**PROBLEM TO WORK ON**
For this exercise, print the listing below exactly, without its pictures.

== INPUT RECORDS

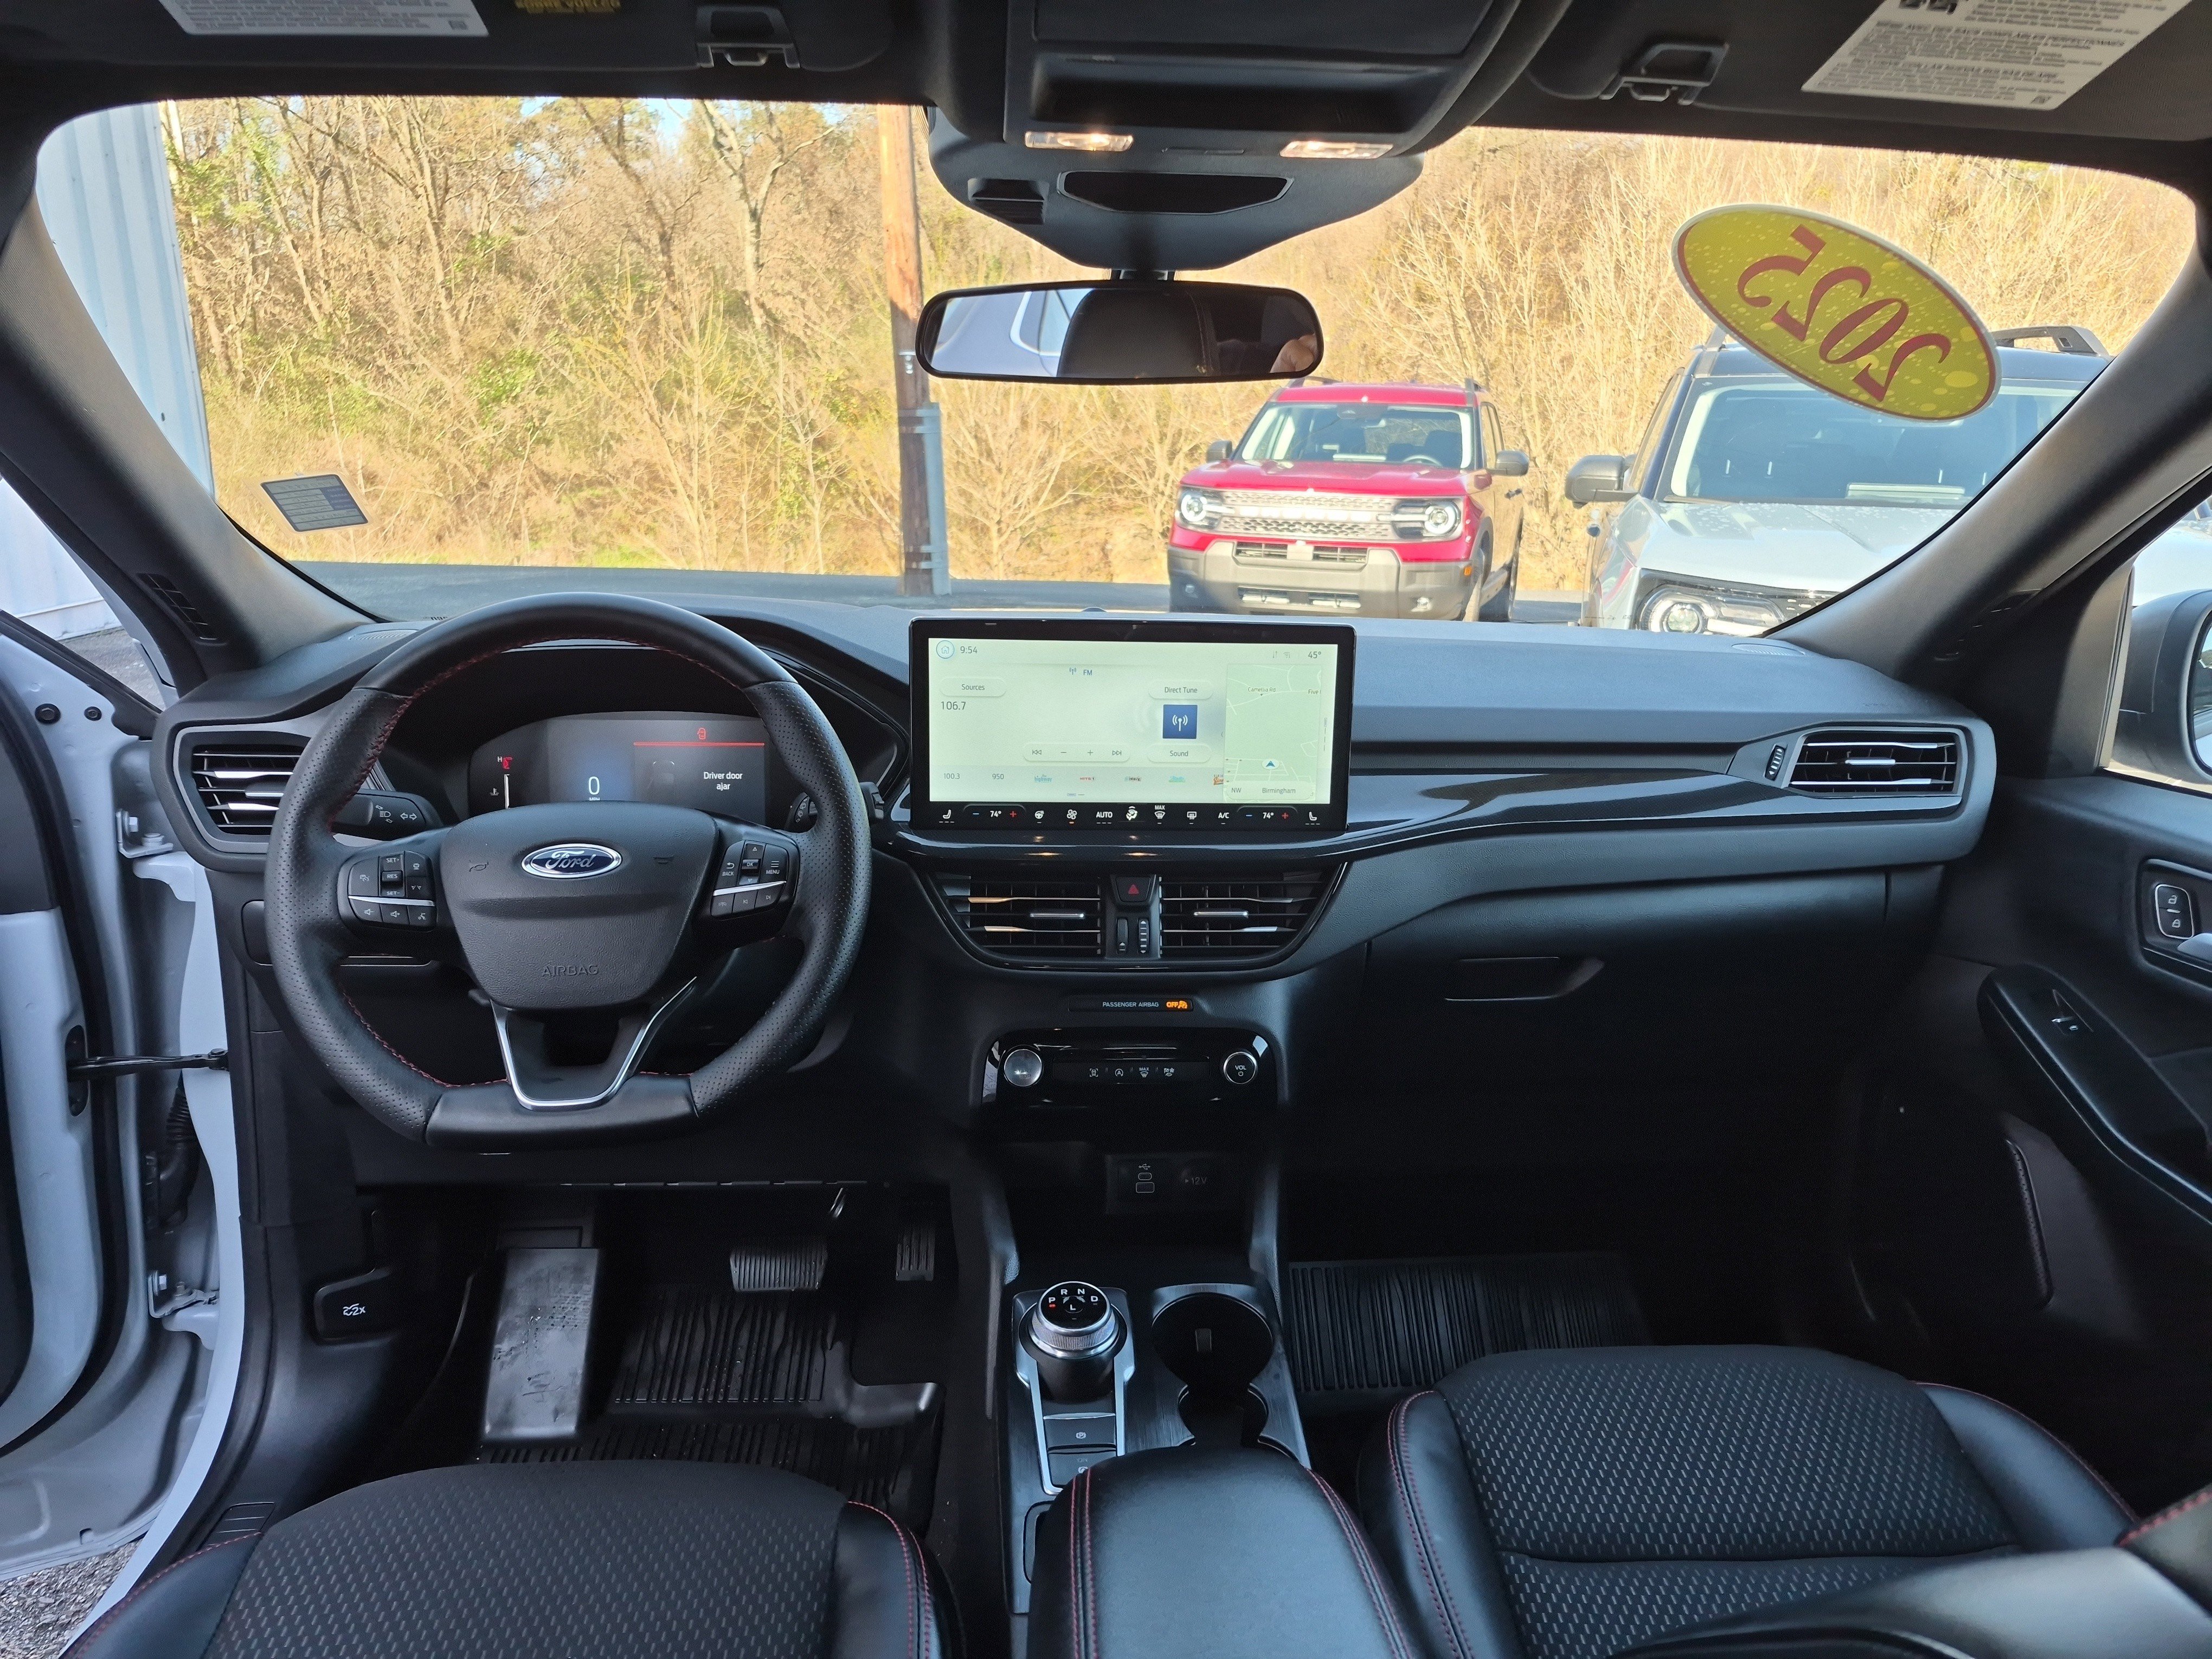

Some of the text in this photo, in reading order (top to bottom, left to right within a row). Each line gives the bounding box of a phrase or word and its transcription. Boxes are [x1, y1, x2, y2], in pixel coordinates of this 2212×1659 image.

[960, 646, 978, 654] 9:54
[1308, 651, 1322, 659] 45°
[941, 701, 966, 710] 106.7
[703, 771, 743, 780] Driver door
[588, 776, 600, 795] 0
[716, 782, 731, 791] ajar
[545, 850, 596, 869] Ford
[542, 964, 599, 977] AIRBAG
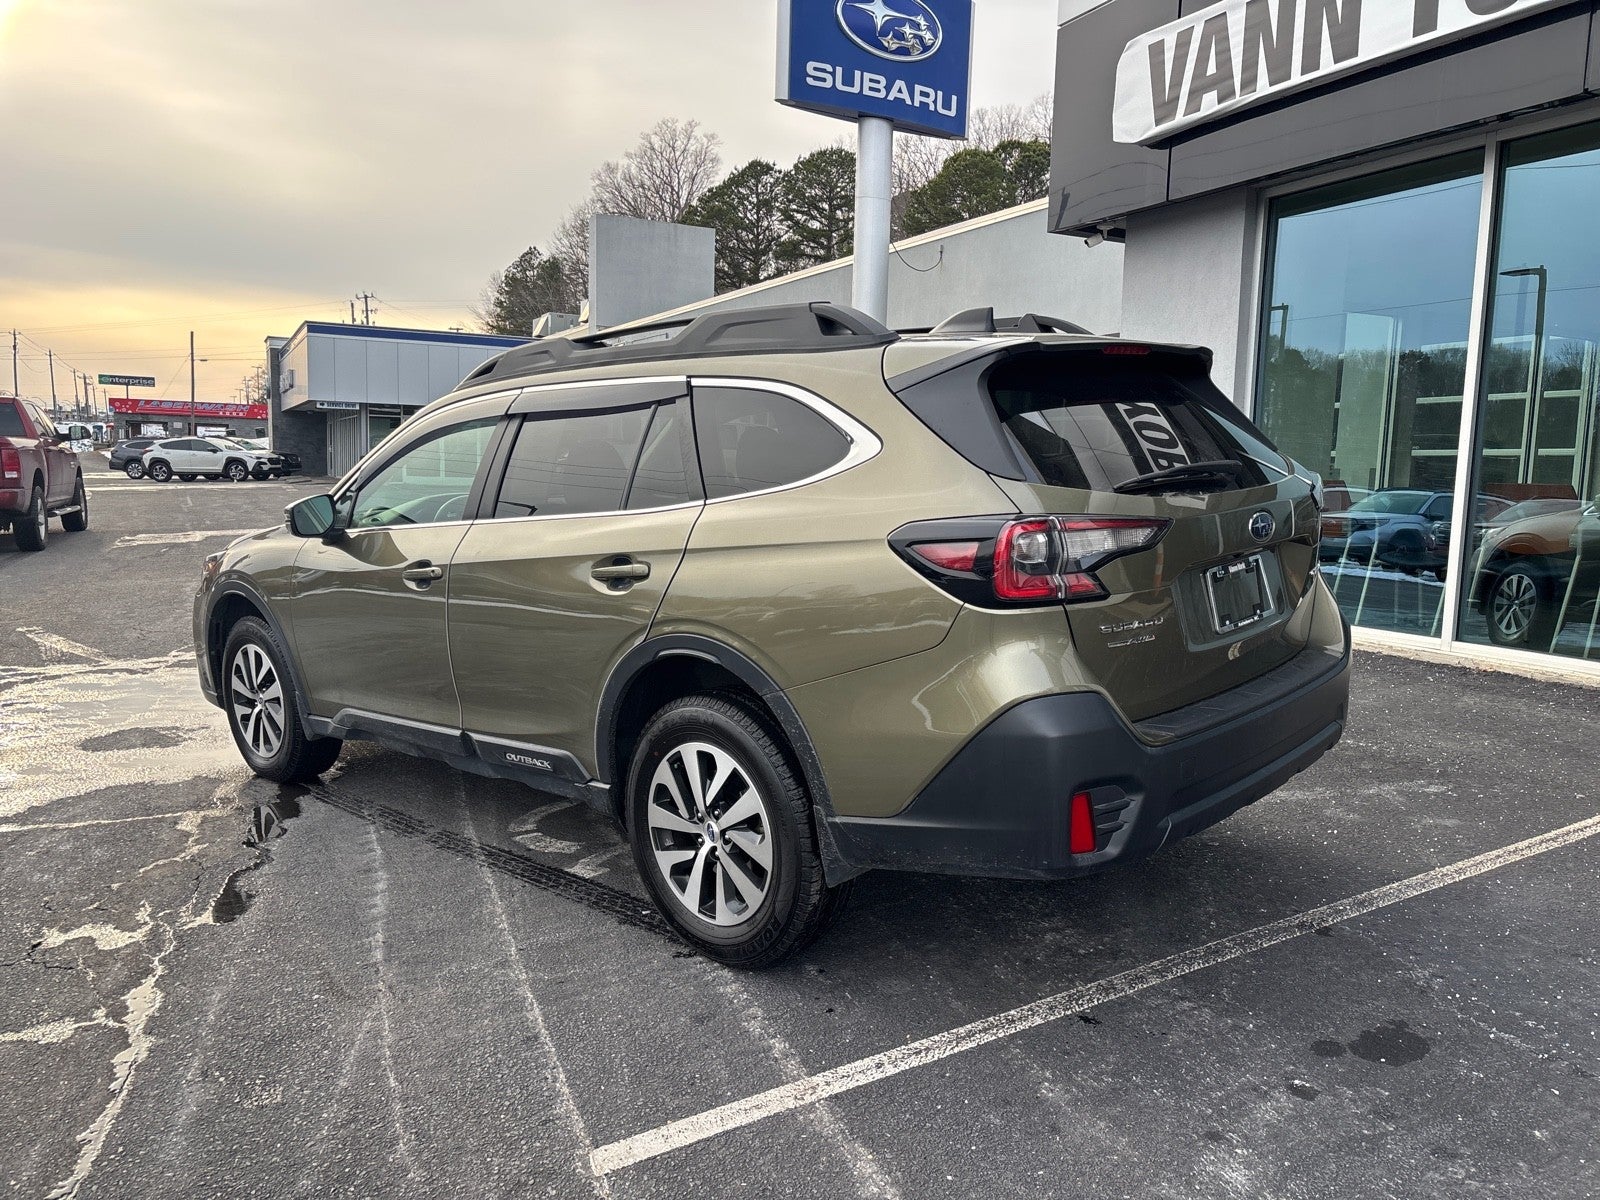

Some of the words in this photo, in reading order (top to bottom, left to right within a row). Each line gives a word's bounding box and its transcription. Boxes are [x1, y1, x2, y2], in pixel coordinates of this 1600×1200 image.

[1148, 0, 1363, 128] VANN
[805, 61, 958, 118] SUBARU
[101, 376, 155, 385] enterprise
[138, 400, 250, 412] LASERWASH
[1099, 616, 1164, 634] SUBARU
[505, 752, 552, 769] OUTBACK
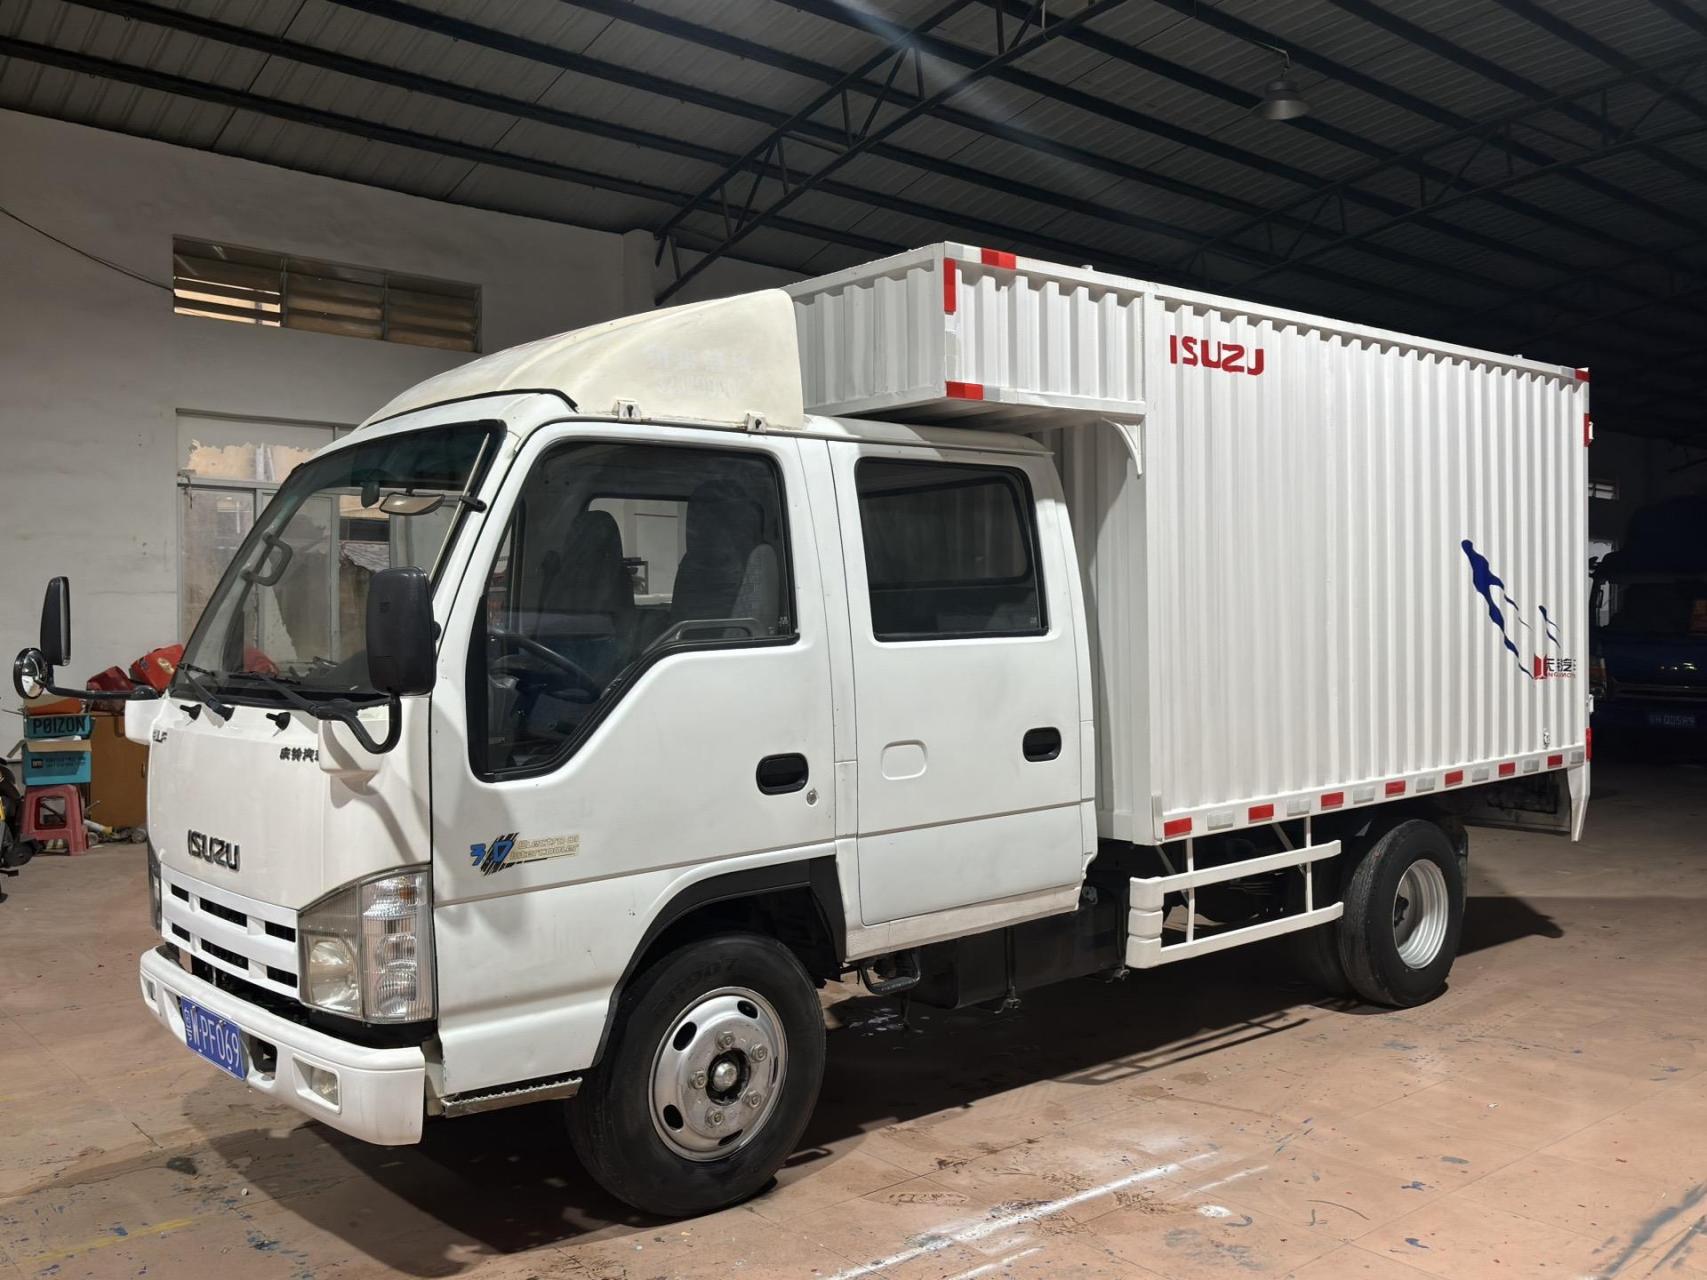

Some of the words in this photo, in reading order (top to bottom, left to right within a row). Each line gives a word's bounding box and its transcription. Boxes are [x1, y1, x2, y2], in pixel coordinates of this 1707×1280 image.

[280, 747, 319, 763] 庆铃汽
[188, 829, 240, 871] ISUZU

====

**WRITTEN RESPONSE**
Some of the text in this photo, in reading order (top to bottom, left to right within a row). Each line gives the bounding box of a phrase or word and its transcription. Boxes are [x1, y1, x2, y2], in pixel coordinates of this 2212×1659 image.

[960, 646, 978, 654] 9:54
[1308, 651, 1322, 659] 45°
[941, 701, 966, 710] 106.7
[703, 771, 743, 780] Driver door
[588, 776, 600, 795] 0
[716, 782, 731, 791] ajar
[545, 850, 596, 869] Ford
[542, 964, 599, 977] AIRBAG

Some of the words in this photo, in reading order (top to bottom, left to right within a row). Each line gives a word's bounding box and its transcription. Boxes are [x1, y1, x2, y2], in pixel coordinates of this 1600×1200 image.

[1148, 0, 1363, 128] VANN
[805, 61, 958, 118] SUBARU
[101, 376, 155, 385] enterprise
[138, 400, 250, 412] LASERWASH
[1099, 616, 1164, 634] SUBARU
[505, 752, 552, 769] OUTBACK

Some of the words in this photo, in reading order (top to bottom, left to right within a row). Each line gives a word's bounding box and its transcription. Boxes are [x1, y1, x2, y2], in pixel coordinates of this 1707×1280 image.

[280, 747, 319, 763] 庆铃汽
[188, 829, 240, 871] ISUZU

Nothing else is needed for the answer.